As pautas que abordam o mandato-tampão estavam programadas para serem discutidas na sessão desta quarta-feira, dia 19. No entanto, em uma reviravolta inesperada, o ministro Edson Fachin, que preside o STF, decidiu retirar os processos da agenda. Até o momento, não há uma nova data estabelecida para a continuidade do julgamento, que já se estende desde abril.
Em conversas com interlocutores, o presidente do STF justificou sua decisão ao afirmar que priorizará o julgamento de um recurso destinado a ampliar as medidas protetivas da Lei Maria da Penha para situações de violência de gênero que ocorram fora do ambiente doméstico ou afetivo. Os ministros teriam chegado a um consenso sobre a relevância dessa decisão neste mês, quando se comemora duas décadas da legislação. Ademais, a sessão será finalizada mais cedo para que os magistrados possam participar da posse do novo presidente do Superior Tribunal de Justiça (STJ).

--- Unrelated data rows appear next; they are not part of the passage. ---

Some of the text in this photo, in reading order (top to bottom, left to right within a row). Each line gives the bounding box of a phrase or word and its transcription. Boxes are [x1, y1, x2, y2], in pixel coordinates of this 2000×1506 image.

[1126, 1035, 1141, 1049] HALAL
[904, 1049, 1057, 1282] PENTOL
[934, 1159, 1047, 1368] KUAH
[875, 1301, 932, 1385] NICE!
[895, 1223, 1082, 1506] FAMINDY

No entanto, nos bastidores, os ministros demonstram pouca urgência em resolver a questão. Especialistas que acompanham o desenrolar do processo notam uma mudança significativa no panorama atual: não há mais espaço para uma votação direta — ou seja, por meio do voto popular — para o governo-tampão. Isso ocorre porque a Justiça Eleitoral está focada na organização das eleições programadas para outubro e a Constituição determina que a escolha deve ser indireta pela Assembleia Legislativa em casos de substituição ocorrendo no segundo semestre do ano eleitoral.

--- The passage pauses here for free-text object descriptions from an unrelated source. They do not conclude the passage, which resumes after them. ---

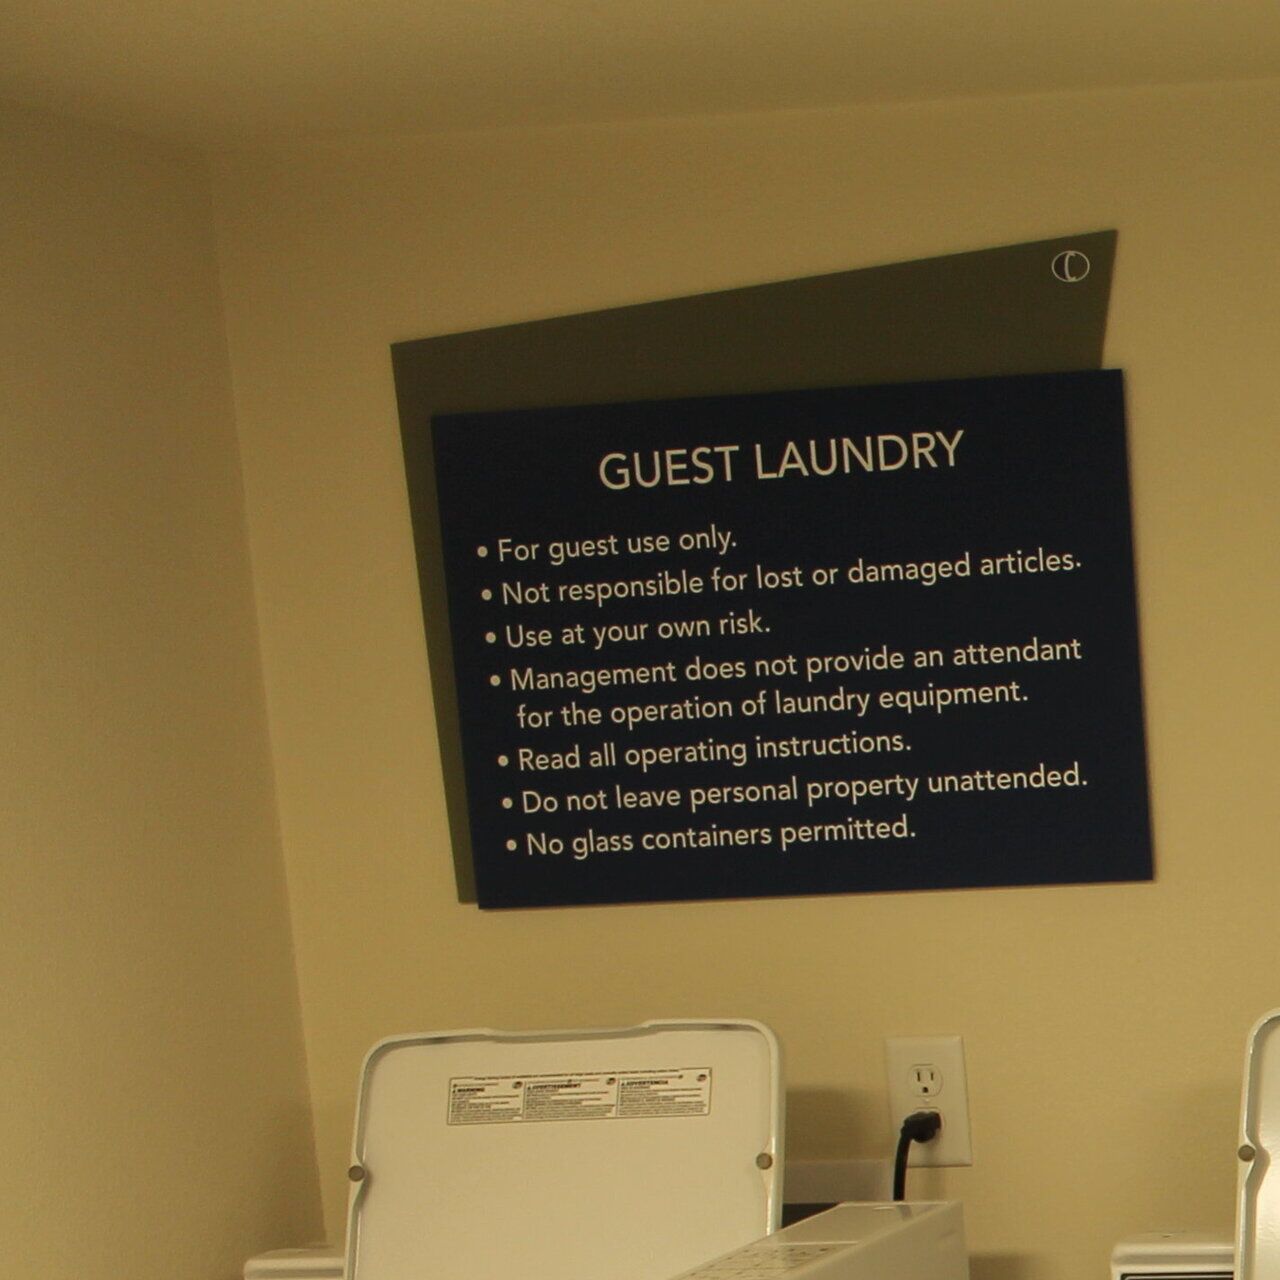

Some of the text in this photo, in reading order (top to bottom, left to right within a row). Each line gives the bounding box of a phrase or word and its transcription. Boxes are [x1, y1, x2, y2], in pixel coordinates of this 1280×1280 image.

[599, 429, 965, 490] GUEST LAUNDRY
[498, 523, 737, 566] For guest use only.
[502, 546, 1082, 608] Not responsible for lost or damaged articles.
[505, 608, 771, 651] Use at your own risk.
[510, 636, 1083, 694] Management does not provide an attendant
[516, 681, 1029, 731] for the operation of laundry equipment.
[518, 730, 912, 773] Read all operating instructions.
[522, 760, 1088, 814] Do not leave personal property unattended.
[526, 812, 916, 861] No glass containers permitted.

A possibilidade de uma votação indireta pode influenciar as eleições de outubro, visto que o atual presidente da Alerj, deputado Douglas Ruas (PL), é candidato ao cargo governamental e expressa seu desejo de fazer campanha enquanto ocupa o cargo de chefe do Executivo. Com isso, ele poderia mobilizar seus colegas para ser eleito governador-tampão. Contudo, uma parte do STF reluta em transferir essa decisão à Assembleia Legislativa devido à série de escândalos envolvendo deputados e ex-parlamentares fluminenses. Diante da falta de consenso sobre como proceder, o caso foi novamente adiado.